Останавливаю суетливое движение, которым наматываю шарф, и, выгнув бровь, смотрю на Марка. Он сейчас серьёзно? Или этот человек вообще не умеет быть серьёзным?

— На мне колготки с начёсом, швыряться трусами будет проблемно.

— Как хочешь… — обиженно пожимает плечами младший Гейден.

Он положил руку на комод, стоящий поблизости, и перенёс вес с правой ноги на левую. Цепко следит за каждым моим дёрганым движением, что-то там себе отмечая и додумывая.

Шапку я так и не нашла, поэтому докручиваю шарф до самых ушей и, махнув на прощание близнецу, выбегаю на крыльцо.

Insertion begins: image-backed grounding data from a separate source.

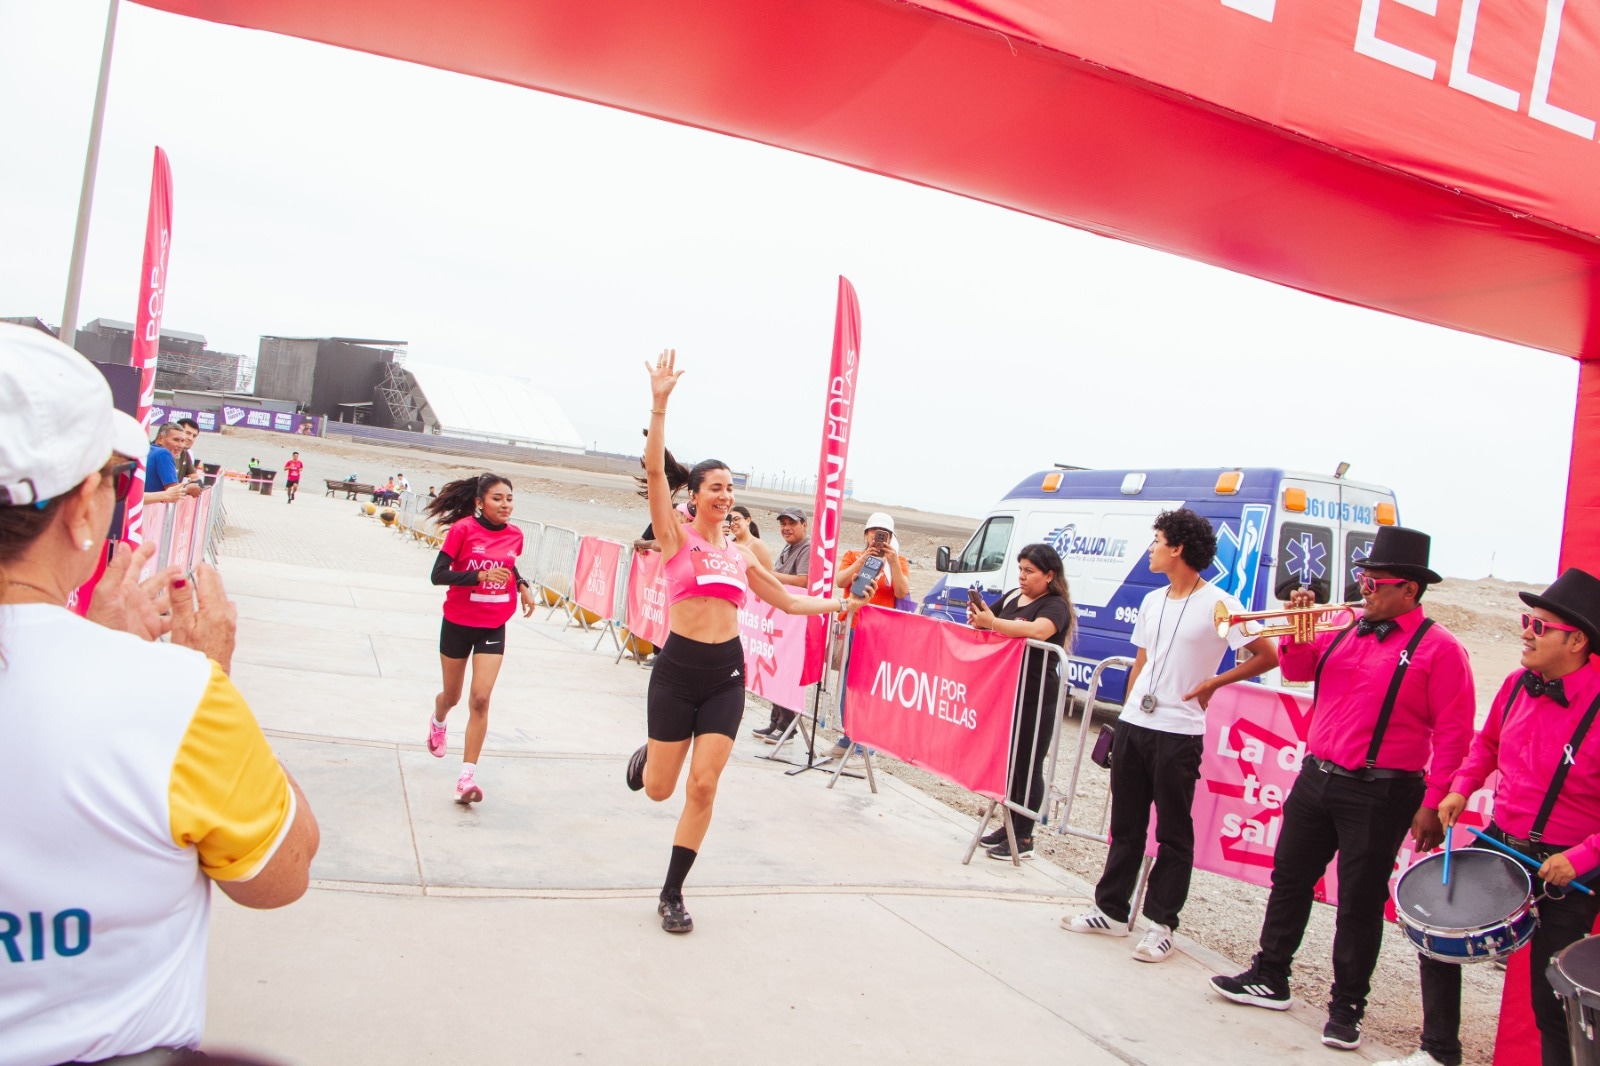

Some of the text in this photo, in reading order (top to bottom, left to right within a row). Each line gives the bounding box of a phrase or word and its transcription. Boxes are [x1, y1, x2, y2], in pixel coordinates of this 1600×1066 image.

[1354, 0, 1600, 142] ELL
[1328, 501, 1350, 522] 075
[1353, 505, 1371, 525] 143
[466, 560, 504, 571] AVON
[702, 559, 738, 574] 1025
[761, 617, 774, 635] en
[1124, 607, 1138, 624] 96
[750, 637, 774, 660] paso
[870, 660, 939, 716] AVON
[940, 677, 967, 704] POR
[938, 699, 977, 730] ELLAS
[1217, 725, 1265, 765] La
[1243, 773, 1292, 810] te
[1220, 813, 1280, 849] sal
[0, 908, 92, 964] RIO
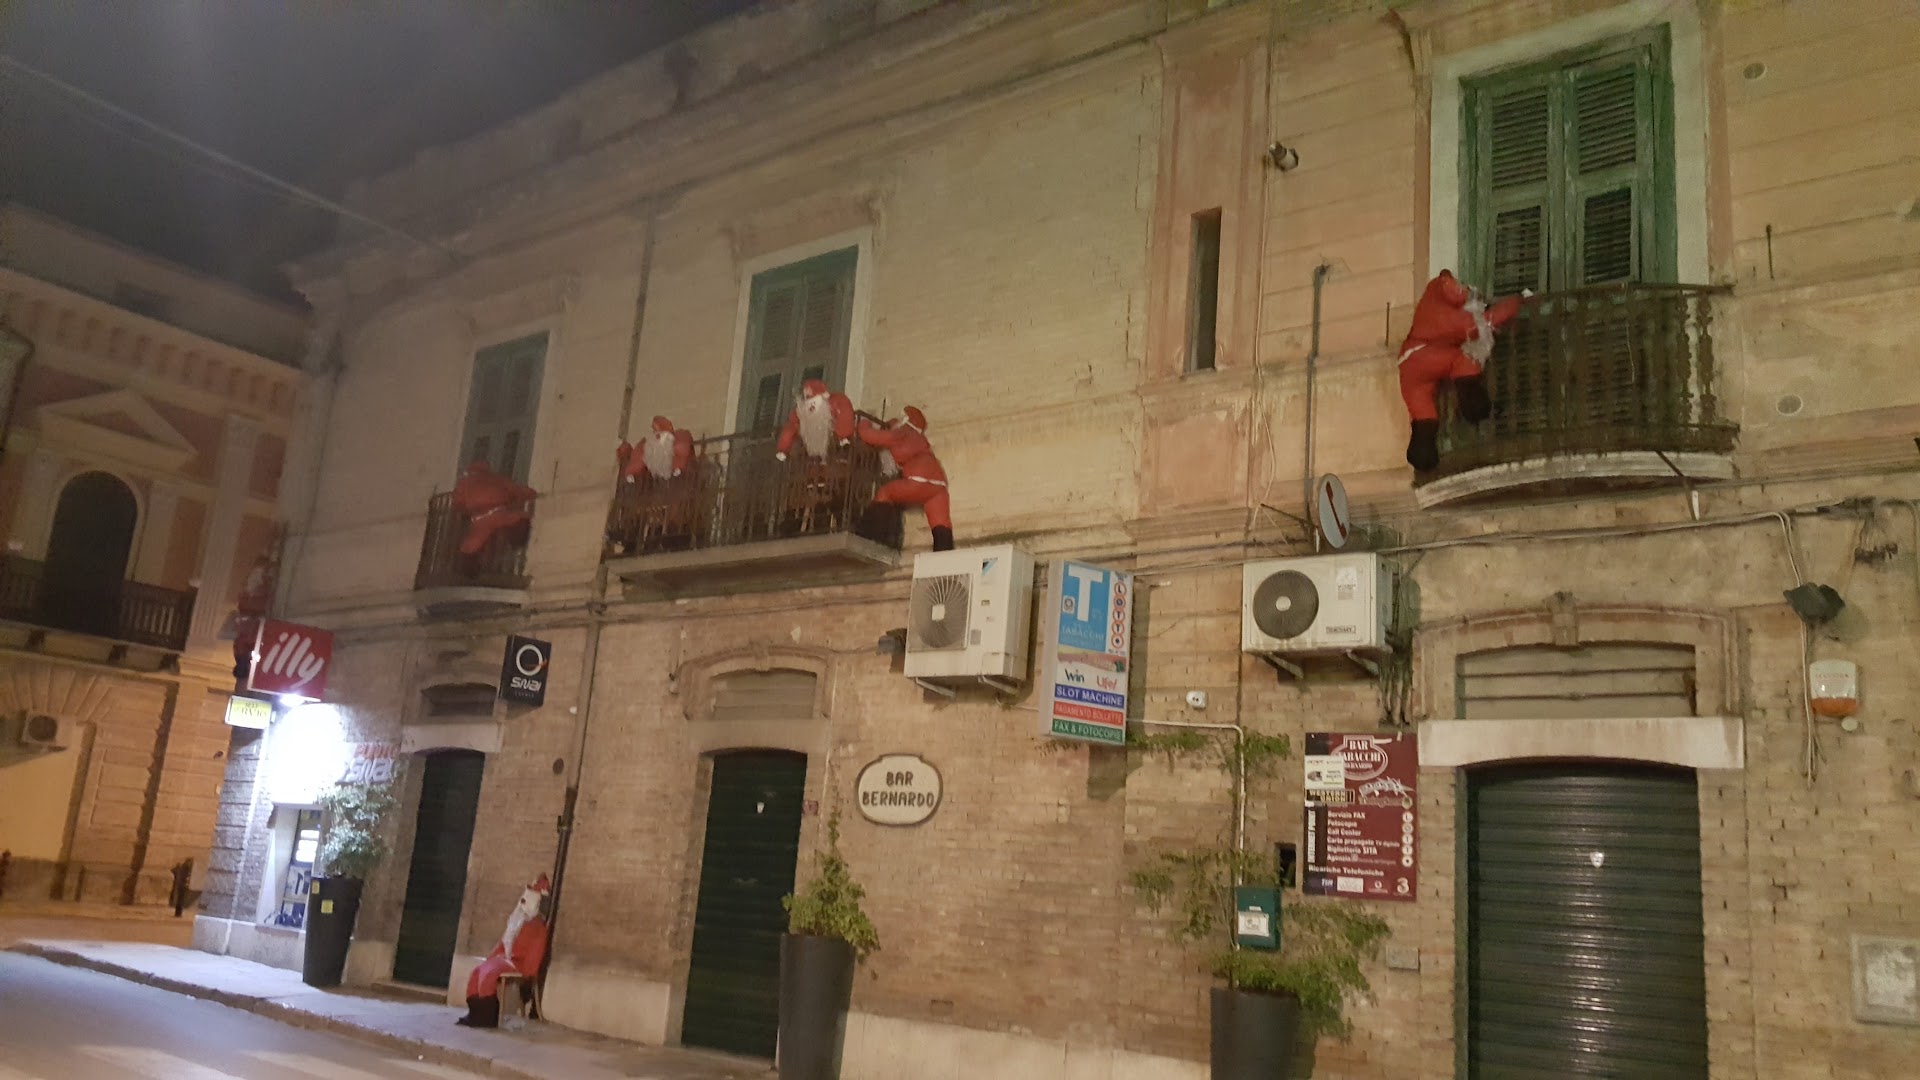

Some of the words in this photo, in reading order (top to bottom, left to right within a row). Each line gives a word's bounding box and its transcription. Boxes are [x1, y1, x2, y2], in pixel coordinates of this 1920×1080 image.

[261, 631, 325, 688] illy
[1064, 668, 1085, 683] Win
[1056, 685, 1081, 698] SLOT
[1082, 689, 1123, 706] MACHINE
[1054, 721, 1069, 732] FAX
[1078, 724, 1121, 739] FOTOCOPIE
[1349, 740, 1368, 750] BAR
[886, 771, 914, 787] BAR
[862, 790, 935, 808] BERNARDO
[1327, 811, 1353, 819] Servizio
[1353, 811, 1366, 819] FAX
[1362, 846, 1378, 855] SITA
[1308, 865, 1342, 874] Ricariche
[1343, 867, 1385, 876] Telefoniche
[1396, 877, 1410, 894] 3

Не удерживаюсь и бросаю взгляд на соседний мрачный дом. Окна нигде не горят, хотя уже почти стемнело. Зимой всегда темнеет рано, за городом без небоскребов и освещённых улиц это особенно заметно.

Чёрный «порш» на месте. Значит, Мирон там. Внутри. Дожидается брата. Возможно, и к Соколову заглянет на огонёк. Я ведь ушла.

Я давно поняла, что у Мирона Гейдена очень сильная связь с братом. Возможно, для этого парня вообще нет ничего более важного в этой жизни, чем собственный близнец. Возможно, только к нему он может и умеет испытывать тёплые чувства. Но ведь я сама лично видела, как Мирон улыбался девушке на гонке. Еве. Как он ласкал её взглядом, как его голос изменился и стал мягче, когда он к ней обращался. Как он поспешил вытащить её из машины, перевернувшейся в аварии, и передал врачам.

Ева была особенная. Такой, какой мне для Гейдена никогда не стать.

Я сама упустила свой шанс. Не согласилась на его условия. Продала душу другому. Зато теперь живу одна, не переживаю за неоплаченную учебу и имею в своём пользовании платиновую банковскую карточку, на которую раз в месяц стабильно капает крупная сумма.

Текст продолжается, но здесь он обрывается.